→ INSTRUCTIONS FOR THE TASK:
Exclude all pictures from your copy of the data below, which should otherwise match exactly.

(Spatial localization data)
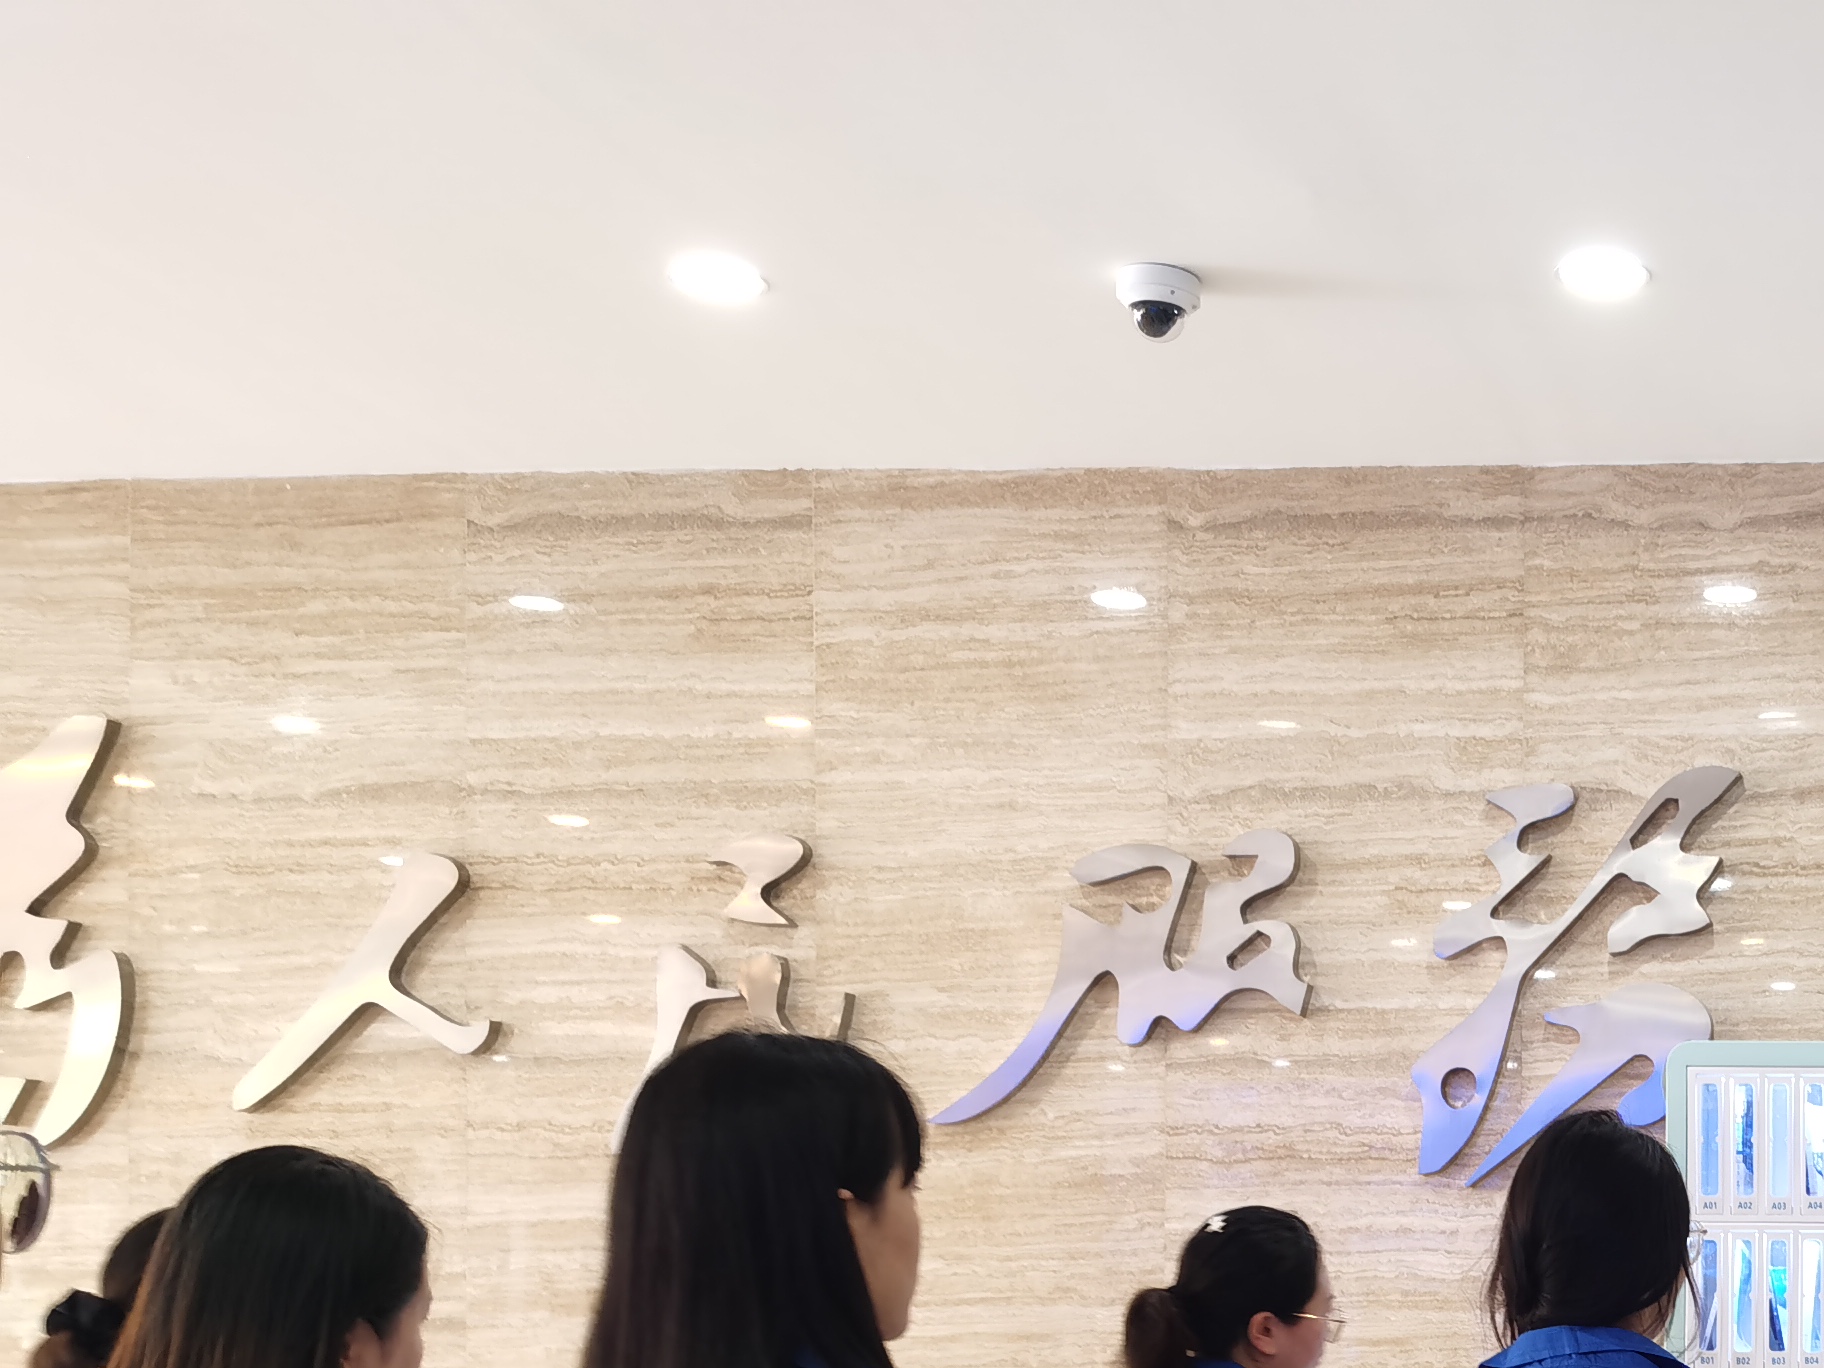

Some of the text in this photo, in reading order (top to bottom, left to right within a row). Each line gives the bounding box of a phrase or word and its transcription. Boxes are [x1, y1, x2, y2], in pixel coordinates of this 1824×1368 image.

[1702, 1202, 1718, 1210] A01
[1737, 1202, 1753, 1210] A02
[1771, 1202, 1787, 1210] A03
[1807, 1202, 1823, 1210] A04
[1700, 1357, 1715, 1365] B01
[1736, 1357, 1751, 1365] B02
[1771, 1357, 1786, 1365] B03
[1804, 1357, 1819, 1365] B04

→ SOLUTION:
Some of the text in this photo, in reading order (top to bottom, left to right within a row). Each line gives the bounding box of a phrase or word and its transcription. Boxes are [x1, y1, x2, y2], in pixel coordinates of this 1824×1368 image.

[1702, 1202, 1718, 1210] A01
[1737, 1202, 1753, 1210] A02
[1771, 1202, 1787, 1210] A03
[1807, 1202, 1823, 1210] A04
[1700, 1357, 1715, 1365] B01
[1736, 1357, 1751, 1365] B02
[1771, 1357, 1786, 1365] B03
[1804, 1357, 1819, 1365] B04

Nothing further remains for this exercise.